6. The Killing (Stanley Kubrick)
In just his second real movie, Stanley Kubrick already established himself as a master filmmaker. This movie is a wonderfully tense, brilliantly structured crime movie. Sterling Hayden plays a veteran crook after just “one more heist” before he retires. The perfectly structured plan goes off just fine, but the aftermath is bloody and causes the whole thing to come crashing down. The performances in the movie are all excellent, but Kubrick is the real star of the show – expertly crafting the planning, the heist itself and its bloody aftermath. With this film, you truly knew that there was a special director working behind the camera.
5. Rififi (Jules Dassin)
After being banished by the blacklist in America, director Jules Dassin went to France where he made this masterful heist film, which is even better than Kubrick’s The Killing, which is really saying something. The centerpiece of the film is the nearly wordless 30 minute sequence of the heist itself – as the team drill their way in throught the ceiling, then expertly crack the safe – which is done even without the aid of music, and yet is brilliant nonetheless. The film does share certain things in common with The Killing as well – the plan is pulled off perfectly, but the aftermath becomes a bloody mess. In the lead role Jean Servais is wonderful – a tough as nails exterior, hiding a more sensitive person underneath. But the movie belongs to Dassin who expertly crafted this heist movie – one of the greatest the genre has ever seen.
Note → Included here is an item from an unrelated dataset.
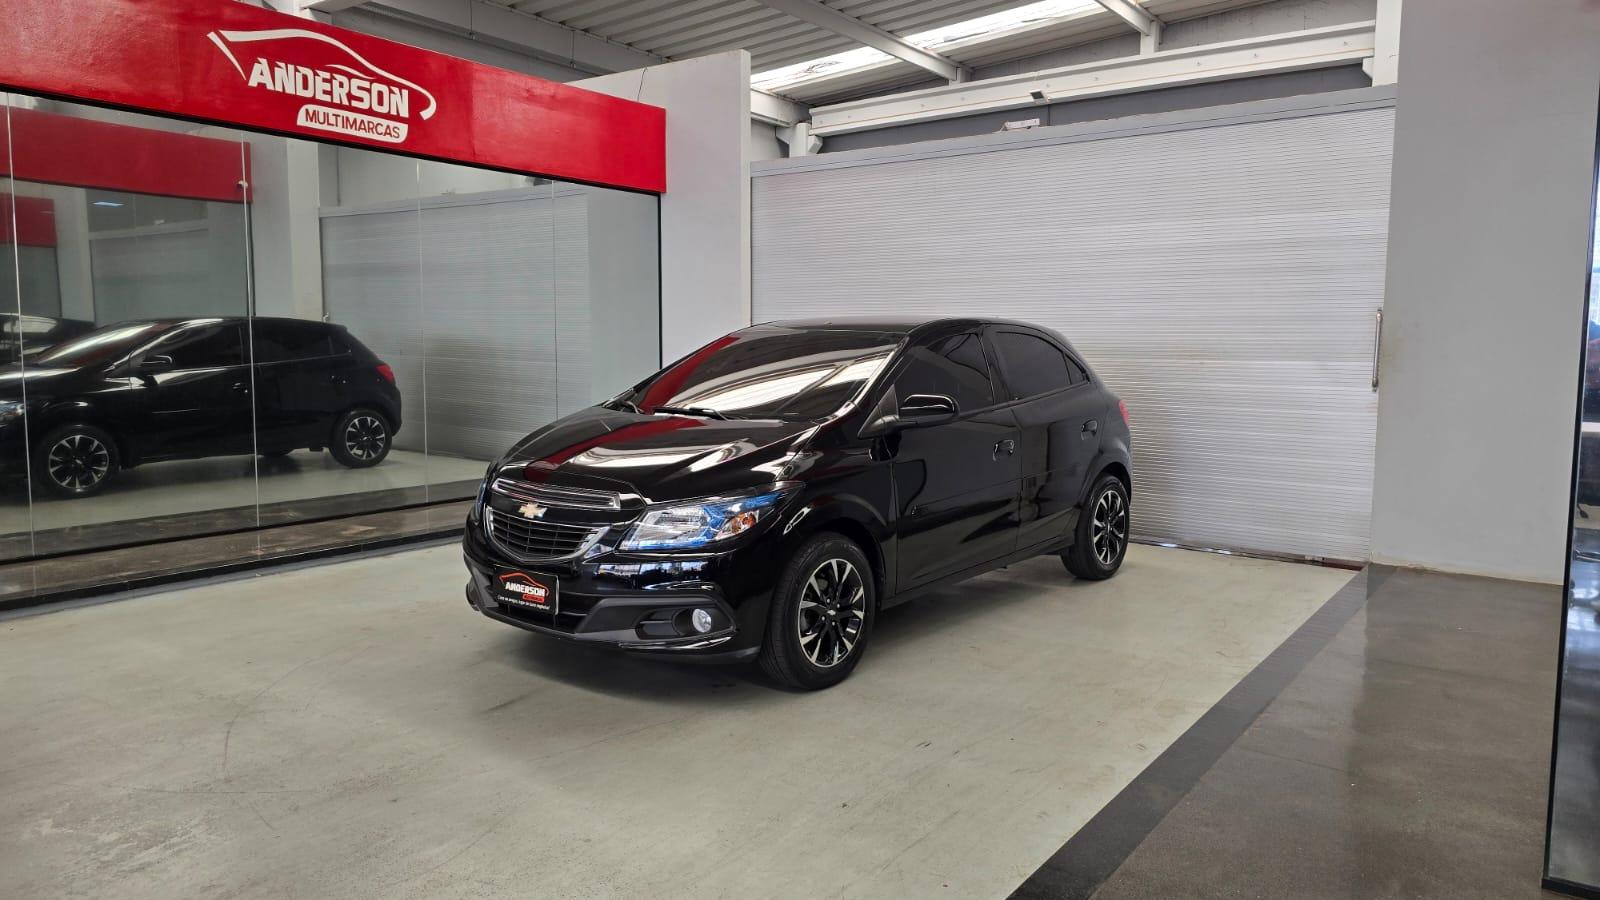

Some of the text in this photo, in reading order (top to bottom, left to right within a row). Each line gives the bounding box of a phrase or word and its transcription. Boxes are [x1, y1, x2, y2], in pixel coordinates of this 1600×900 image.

[248, 57, 409, 118] ANDERSON
[304, 108, 401, 139] MULTIMARCAS
[505, 582, 545, 596] ANDERSON
4. Written on the Wind (Douglas Sirk)
Normally, I don’t particularly like the old school Hollywood melodramas - but when Douglas Sirk is directing, I cannot help myself. The film are so full of wonderful color, so dripping with sexual innuendo and over the top moments that his films really are masterful. Out of all of his films, Written on the Wind is perhaps my favorite. Rock Hudson and Lauren Bacall are the top billed stars - and they are wonderful - but the movie really belongs to Robert Stack (yes, the Unsolved Mysteries guy) as a wealthy playboy and Dorothy Malone as his nymphomaniac sister who destroy themselves, and suck everyone around them into their sick little world. The film is brilliant, melodrama and sexual - Malone caressing that model oil derrick at the end is wonderful.
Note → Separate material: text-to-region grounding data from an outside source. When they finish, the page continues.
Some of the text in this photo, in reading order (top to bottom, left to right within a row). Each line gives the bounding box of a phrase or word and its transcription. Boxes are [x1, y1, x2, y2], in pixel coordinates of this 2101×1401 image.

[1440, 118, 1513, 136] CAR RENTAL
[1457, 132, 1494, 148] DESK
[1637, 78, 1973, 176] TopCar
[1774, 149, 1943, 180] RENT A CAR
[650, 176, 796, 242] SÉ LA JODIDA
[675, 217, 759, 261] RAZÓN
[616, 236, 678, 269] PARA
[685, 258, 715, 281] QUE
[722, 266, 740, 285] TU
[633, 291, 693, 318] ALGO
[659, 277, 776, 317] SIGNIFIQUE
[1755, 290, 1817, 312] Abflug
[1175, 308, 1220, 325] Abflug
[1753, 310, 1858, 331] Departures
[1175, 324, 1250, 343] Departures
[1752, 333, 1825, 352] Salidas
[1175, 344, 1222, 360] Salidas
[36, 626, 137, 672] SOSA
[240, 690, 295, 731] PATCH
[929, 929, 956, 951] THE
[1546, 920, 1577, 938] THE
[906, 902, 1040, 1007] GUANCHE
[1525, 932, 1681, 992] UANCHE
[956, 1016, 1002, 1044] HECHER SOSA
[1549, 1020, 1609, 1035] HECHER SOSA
3. The Wrong Man (Alfred Hitchcock)
For some reason The Wrong Man is not often listed among Hitchcock’s masterpieces, but I think the film is utterly masterful. It is a variation on Hitchcock’s favorite story - the innocent man accused of a crime he didn’t commit. This time, it’s Henry Fonda as a musician accused of a robbery he didn’t commit. Fonda is wonderful, but Vera Miles is truly exceptional as his wife, who slowly goes crazy because of the strain of the accusations on his family. Hitchcock made this one in semi-documentary style on the streets of New York, and pulls it off brilliantly. He was always experimenting with different styles - with varying success - but this is one he pulled off brilliantly. Yes, it deserves to be mentioned among the best films Hitchcock ever made.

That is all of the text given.